Data provided:
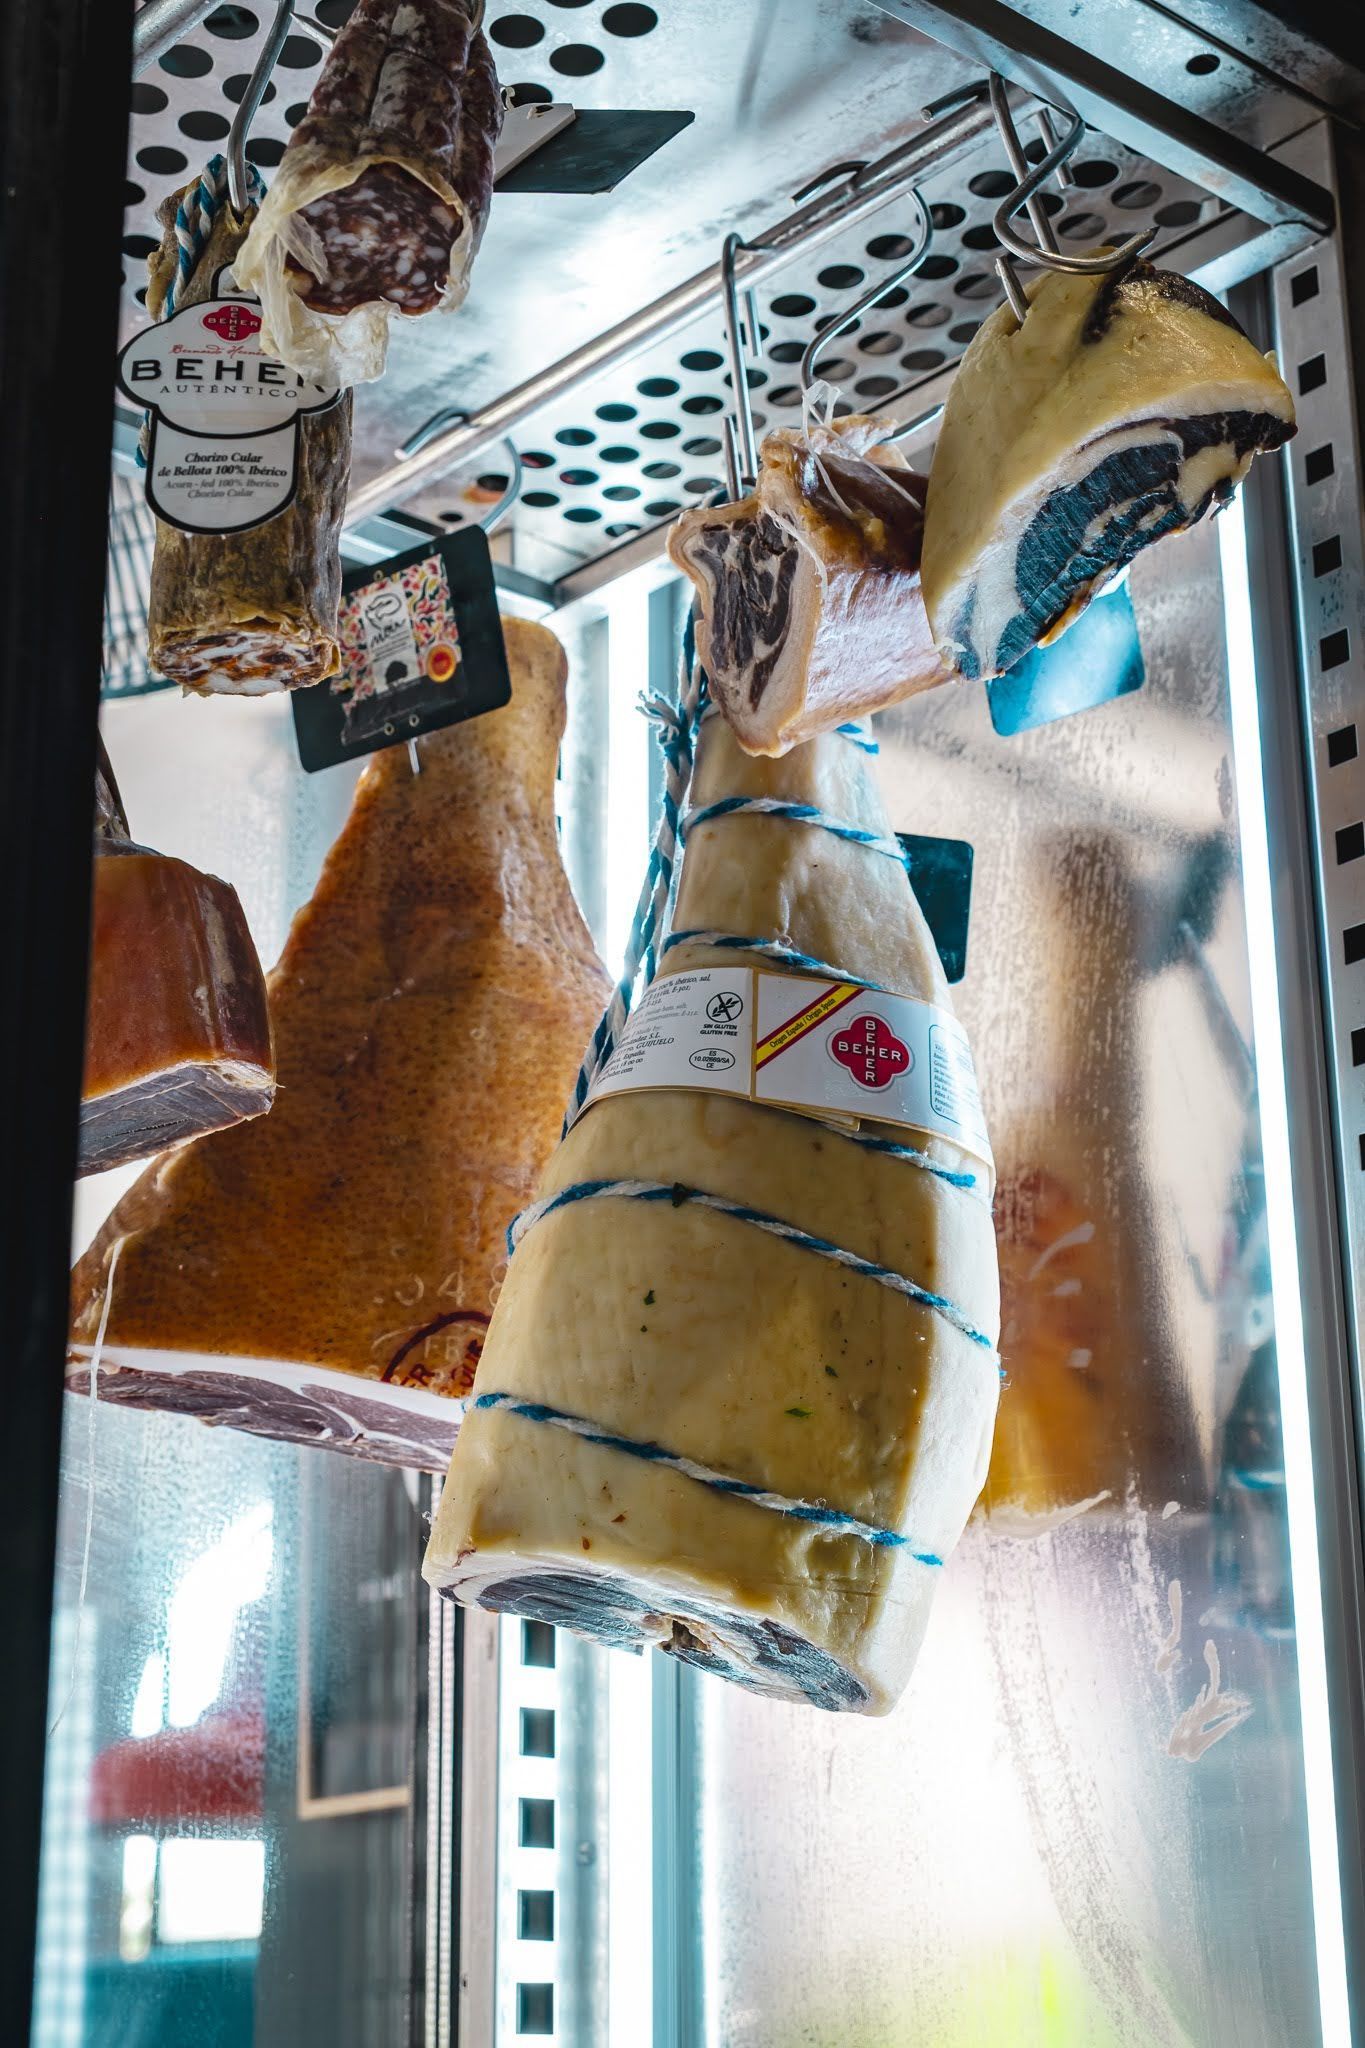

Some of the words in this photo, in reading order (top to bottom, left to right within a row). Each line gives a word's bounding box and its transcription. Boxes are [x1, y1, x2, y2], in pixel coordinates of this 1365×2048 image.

[208, 317, 259, 328] BEHER
[184, 452, 229, 463] Chorizo
[230, 452, 264, 463] Cular
[158, 466, 171, 477] de
[173, 464, 212, 476] Bellota
[215, 465, 246, 475] 100%
[248, 465, 288, 477] Ibérico
[838, 1041, 902, 1062] BEHER
[865, 1020, 877, 1082] BEHER

Problem details:
Send back every line above exactly, skipping all pictures.

Exercise output:
Some of the words in this photo, in reading order (top to bottom, left to right within a row). Each line gives a word's bounding box and its transcription. Boxes are [x1, y1, x2, y2], in pixel coordinates of this 1365×2048 image.

[208, 317, 259, 328] BEHER
[184, 452, 229, 463] Chorizo
[230, 452, 264, 463] Cular
[158, 466, 171, 477] de
[173, 464, 212, 476] Bellota
[215, 465, 246, 475] 100%
[248, 465, 288, 477] Ibérico
[838, 1041, 902, 1062] BEHER
[865, 1020, 877, 1082] BEHER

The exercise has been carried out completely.